Geremek w "Guardianie" o naświetlaniu wydarzeń na Ukrainie
W liście opublikowanym w środowym wydaniu dziennika "The Guardian" prof. Bronisław Geremek wyraża opinię, że w brytyjskiej prasie pisze się ostatnio o wydarzeniach na Ukrainie jako elemencie zmagań między światowymi mocarstwami, a nie zauważa się narodu ukraińskiego.
"Niektóre artykuły publikowane ostatnio w brytyjskich gazetach przedstawiają 'pomarańczową rewolucję' na Ukrainie jako element amerykańskich starań o dominację w świecie. Zamiast autentycznej rewolucji mamy wyreżyserowany zamach stanu, zaprojektowany, by osłabić Rosję i uzyskać dostęp do nowych rynków. Polityka zostaje zredukowana do rozgrywki między światowymi potęgami, a historia do opowieści o korupcji. Ignorowany jest jeden istotny element: naród ukraiński" - pisze Geremek.
W swym liście odniósł się on do opublikowanego niedawno w "Guardianie" artykułu Marka Almonda zatytułowanego "The Price of People Power".
Były doradca "Solidarności" i były minister spraw zagranicznych Polski ocenił, że Almond przerabia w nim historię ostatniego ćwierćwiecza w Europie Środkowej, by na siłę naświetlić "okropności", jakie czekają Ukrainę, jeśli wybierze proeuropejską ścieżkę swoich zachodnich sąsiadów.
Geremek pisze, że społeczeństwa w Europie Środkowej odrzuciły komunistyczne dyktatury i rozpoczęły budowanie demokratycznych ustrojów wolności i rządów prawa. Autor listu podkreśla, że Almond patrzy na to zupełnie inaczej i maluje groteskowy obraz finansowanych przez USA dysydentów, zdobywających osobiste fortuny, podczas gdy ich narody popadały w ekonomiczną niewolę.

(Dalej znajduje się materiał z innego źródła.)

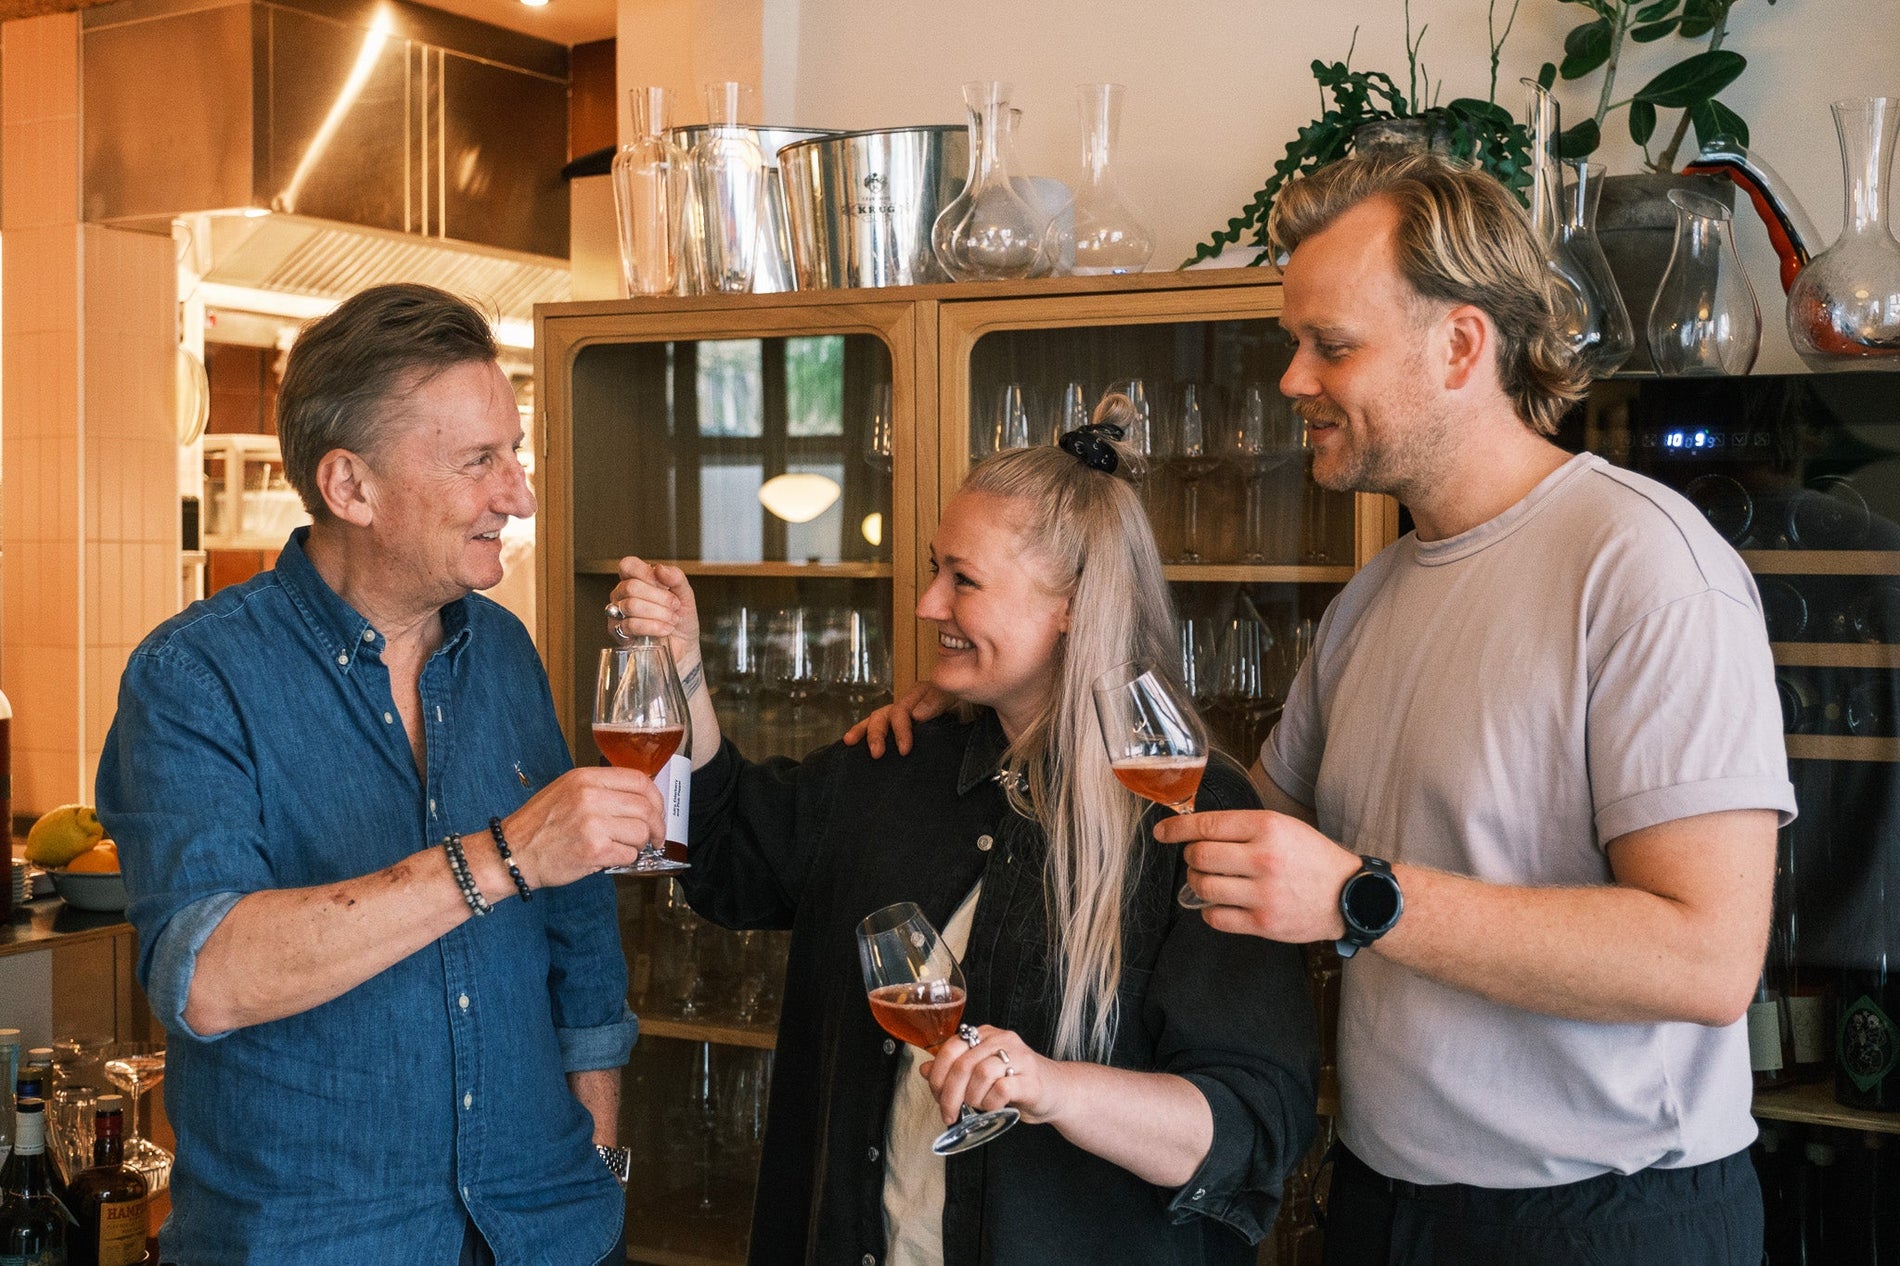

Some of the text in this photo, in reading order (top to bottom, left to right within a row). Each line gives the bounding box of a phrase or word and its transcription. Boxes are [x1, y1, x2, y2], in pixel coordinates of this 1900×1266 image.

"Byłem często oskarżany przez reżim komunistyczny o bycie najemnikiem i amerykańskim szpiegiem. Jestem zdumiony zetknięciem się z podobnymi oskarżeniami dzisiaj" - pisze prof. Geremek.
Dodaje, że równie zdumiony jest tym, co Almond pisze o Adamie Michniku, a mianowicie, że "jego imperium medialne +Agora+ wyrosło z podziemnego świata wydawniczego +Solidarności+, finansowanego przez CIA w latach 80., a jego gazeta popiera obecnie wojnę w Iraku, pomimo że wojna ta jest ogromnie niepopularna wśród Polaków".
Prof. Geremek podkreśla również, że Almond zapomina wspomnieć, że Michnik spędził sześć lat w więzieniu jako więzień polityczny, nie zauważa również tego, że nie jest on właścicielem Agory, że wtedy gdy firma dała akcje założycielom i pracownikom, Michnik odmówił ich przyjęcia, oraz pomija również to, że wojna w Iraku jest przedmiotem ostrej debaty w "Gazecie Wyborczej".
"Na szczęście ani opinie zachodnich komentatorów, ani żadne projekty amerykańskich polityków, nie zdeterminują przyszłości Ukrainy. Zdecydują o niej Ukraińcy" - konkluduje Geremek.